Biomechanical regulation of matrix metalloproteinase-9 in cultured chondrocytes

Abnormal mechanical loading of joints may induce degeneration of articular cartilage. Shear stress is one mode of mechanical loading that may regulate chondrocyte metabolism. We investigated the mechanism by which shear stress induces the gene encoding matrix metalloproteinase-9, a mediator of the progressive degradation of articular cartilage in osteoarthritis. In vitro experiments using passaged rabbit chondrocytes in monolayer culture subjected to a shear stress of 16 dyn/cm(2) (1.6 Pa) in a flow channel showed increased expression of the matrix metalloproteinase-9 gene. The induction of matrix metalloproteinase-9 appeared to depend on a region in the 5' promoter of the gene that contains a 12-O-tetradecanoyIphorbol 13-acetate-responsive element. Transfection experiments using a construct containing a luciferase reporter driven by a 12-0-tetradecanoylphorbol 13-acetate-responsive element indicated that shear stress activated a 12-O-tetradecanoylphorbol 13-acetate-responsive element-mediated transcription in chondrocytes.
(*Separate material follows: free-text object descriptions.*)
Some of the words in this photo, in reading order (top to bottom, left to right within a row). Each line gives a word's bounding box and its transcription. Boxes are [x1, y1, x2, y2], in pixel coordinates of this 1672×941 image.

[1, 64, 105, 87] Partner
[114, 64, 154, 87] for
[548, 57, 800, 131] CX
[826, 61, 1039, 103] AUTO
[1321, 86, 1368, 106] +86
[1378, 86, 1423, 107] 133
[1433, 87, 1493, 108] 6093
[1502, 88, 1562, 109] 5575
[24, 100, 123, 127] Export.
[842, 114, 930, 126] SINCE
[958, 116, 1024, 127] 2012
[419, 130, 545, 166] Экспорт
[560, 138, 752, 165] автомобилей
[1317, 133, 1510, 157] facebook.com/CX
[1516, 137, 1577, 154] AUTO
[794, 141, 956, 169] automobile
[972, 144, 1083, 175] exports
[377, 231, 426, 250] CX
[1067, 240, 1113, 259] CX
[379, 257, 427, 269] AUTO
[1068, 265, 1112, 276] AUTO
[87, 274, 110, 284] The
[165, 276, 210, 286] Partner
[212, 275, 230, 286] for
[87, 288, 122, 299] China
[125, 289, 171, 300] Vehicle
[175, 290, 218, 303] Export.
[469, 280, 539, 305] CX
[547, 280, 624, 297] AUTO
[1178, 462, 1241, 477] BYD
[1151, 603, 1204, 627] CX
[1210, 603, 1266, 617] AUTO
Similar experiments showed that shear stress induced a matrix metalloproteinase-9 promoter construct (matrix metalloproteinase-9-luciferase). Shear stress activated c-Jun NH2-terminal kinase, extracellular signal-regulated kinase, and p38. Transfection of matrix metalloproteinase-9-luciferase together with the dominant negative mutant of c-Jun NH2-terminal kinase, but not with that of extracellular signal-regulated kinase or p38, attenuated the shear-induced matrix metalloproteinase-9 promoter activity. In addition, transfection of constructs encoding dominant negative mutants of Ras, Rac, and Cdc42 attenuated the induction of c-Jun transcriptional activity by shear stress. Thus, shear stimulation of chondrocytes stimulates Ras, Rac, and Cdc42, which subsequently activate c-Jun NH2-terminal kinase to induce a 12-0-tetradecanoylphorbol 13-acetate-responsive element-mediated expression of matrix metalloproteinase-9.